OML 29 is a sprawling, highly valuable property, spanning an area of 983 square kilometres (or 242,550 acres) onshore and holding some 2.2Billion barrels of oil equivalent, in proved and probable (P1+P2) reserves, in nine fields, according to a 2013 Competent Persons Report by NNS .
To put some context to the figures: Seplat, today, produces, on a gross basis, slightly higher than 60,000Barrels of crude oil and condensates and 400Million standard cubic feet of gas from five acreages, whereas OML 29 alone produces over 80,000BOPD, when there is no vandalism of evacuation pipeline.
“We had the cash on the table but we did not win OML 29. We were only a hundred million dollars away from Aiteo’s bid (to Shell, which was leading a divestment of itself, TOTAL and ENI from the tract). It was insignificant because we were talking about a $2.4Billion bid and $100Miilion was less than 5% of that, so it was insignificant”.

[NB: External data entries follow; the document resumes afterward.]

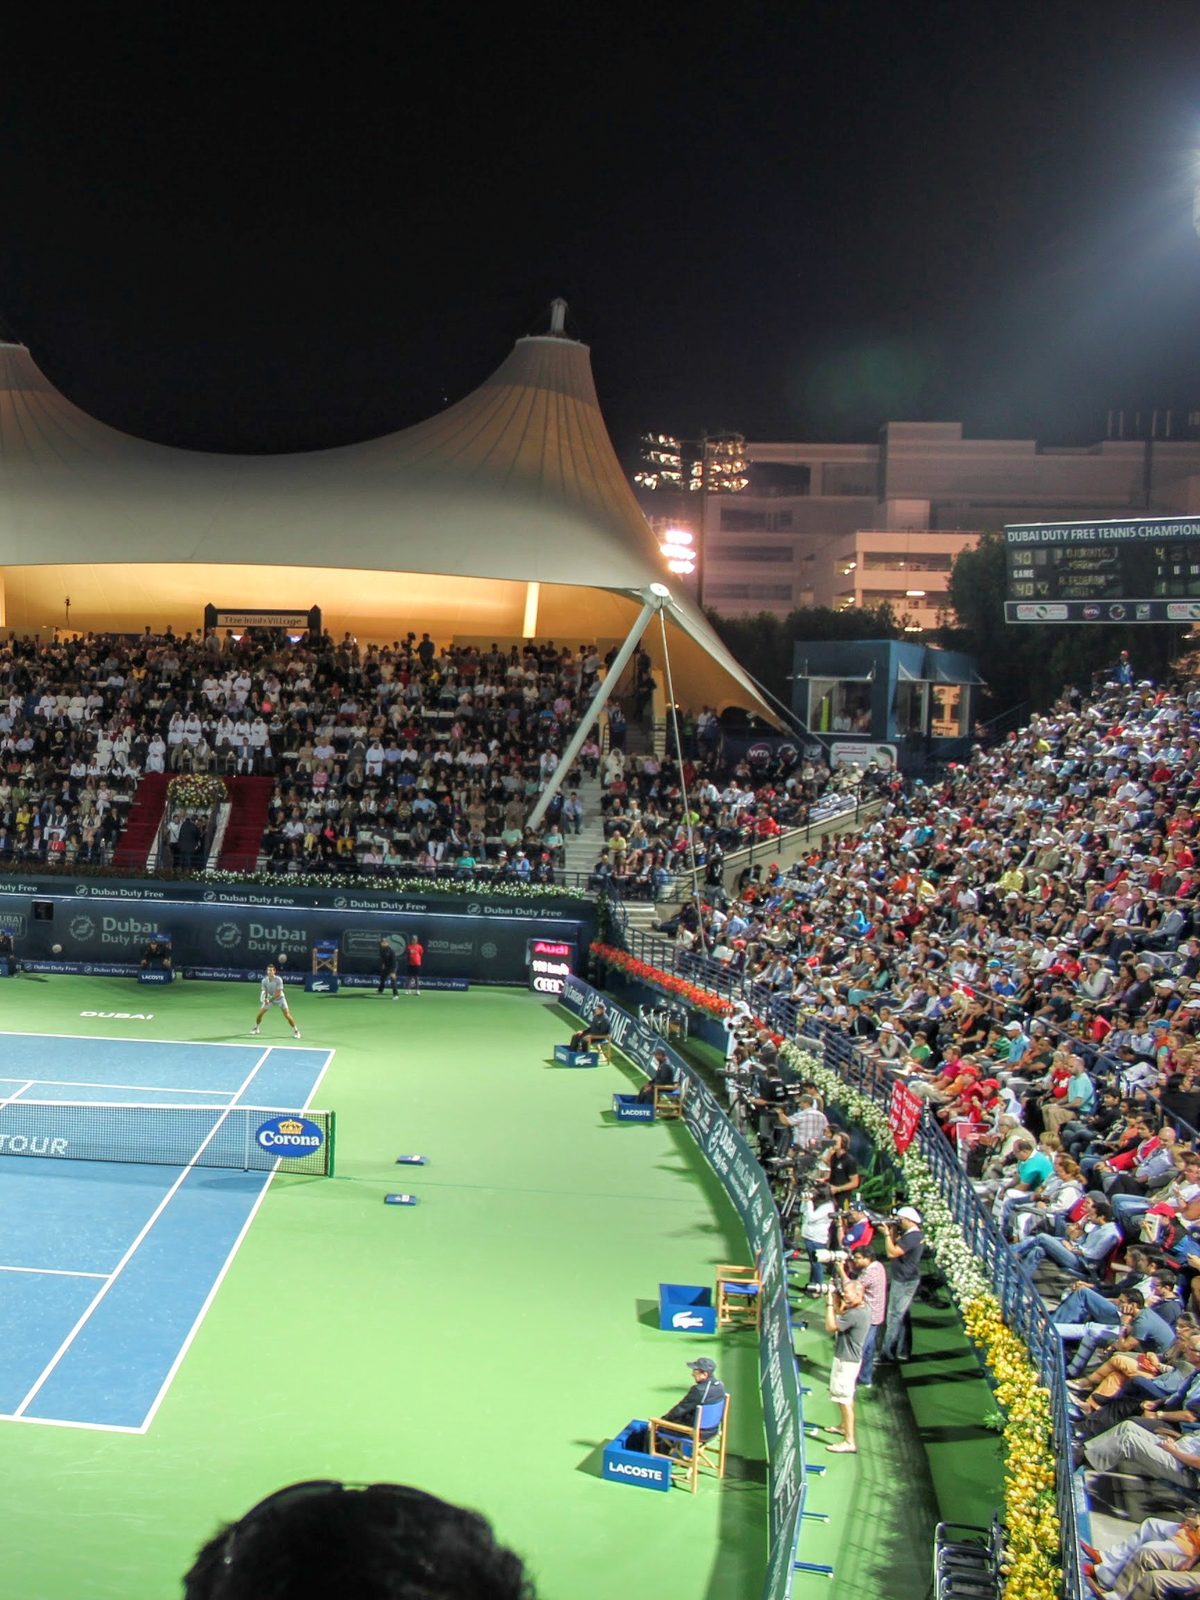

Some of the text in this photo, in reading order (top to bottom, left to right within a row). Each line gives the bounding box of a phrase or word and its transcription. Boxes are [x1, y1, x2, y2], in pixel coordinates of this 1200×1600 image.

[1007, 530, 1040, 542] DUBAI
[1041, 529, 1069, 541] DUTY
[1071, 528, 1095, 540] FREE
[1098, 526, 1136, 539] TENNIS
[1013, 569, 1034, 578] GAME
[18, 884, 38, 892] Free
[91, 888, 164, 898] Dubai Duty Free
[219, 893, 294, 905] Dubai Duty Free
[350, 900, 427, 911] Dubai Duty Free
[484, 906, 562, 917] Dubai Duty Free
[102, 917, 158, 933] Dubai
[249, 923, 307, 941] Dubai
[101, 933, 131, 945] Duty
[248, 940, 278, 953] Duty
[281, 942, 307, 953] Free
[535, 942, 569, 956] Audi
[79, 1011, 154, 1020] DUBAI
[620, 1109, 652, 1118] LACOSTE
[259, 1130, 320, 1146] Corona
[609, 1461, 663, 1481] LACOSTE

Avuru wonders whether the inability of Seplat to clinch OML 29 wasn’t due to “the politics of who Shell figured would more easily get the approval for the purchase” from the Nigerian government. “Otherwise they” (the company which won the asset) “couldn’t pay for one year after they got it, while we were going to write our cheque immediately because we had our money ready”.
It was the loss of OML29 that made such acreages as OMLs 25 and OML 55 important to Seplat, Avuru noted. “All these issues about OML 25 and OML 55 came because we lost the big fish”.
His disappointment about OML 29, Avuru explained, pales in comparison with a particular challenge he had faced when he was building Platform Petroleum, a marginal field operator. This was before he helped bring Platform, Shebah Exploration and M&P together to create Seplat.
“The biggest setback was the day I woke up and found out that cellar of the appraisal development well that we were drilling in Umutu had collapsed. We borrowed $10Miilion to drill that well and supplemented with our cash and in the end, the well cost us $19Million. We borrowed $20Million for the gas processing plant and our production was declining and we couldn’t borrow more. We were almost in the throes of death. This was in 2009 and that was when I scratched my head and thought ‘this is it’. The only thing that came to our aid eventually was the pipeline network that we had built all by ourselves to the cluster”, he recalled, referring to a cluster of four oil fields in the Western Niger Delta, which evacuate their crudes into Platform’s facility. “The Ase River Pipeline was generating about $2Miilion in gross revenue in tariff every year. So that revenue stream was enough to negotiate a revolving credit facility with Skye Bank for $5Million. It was that money that we eventually used to work our way back to life”.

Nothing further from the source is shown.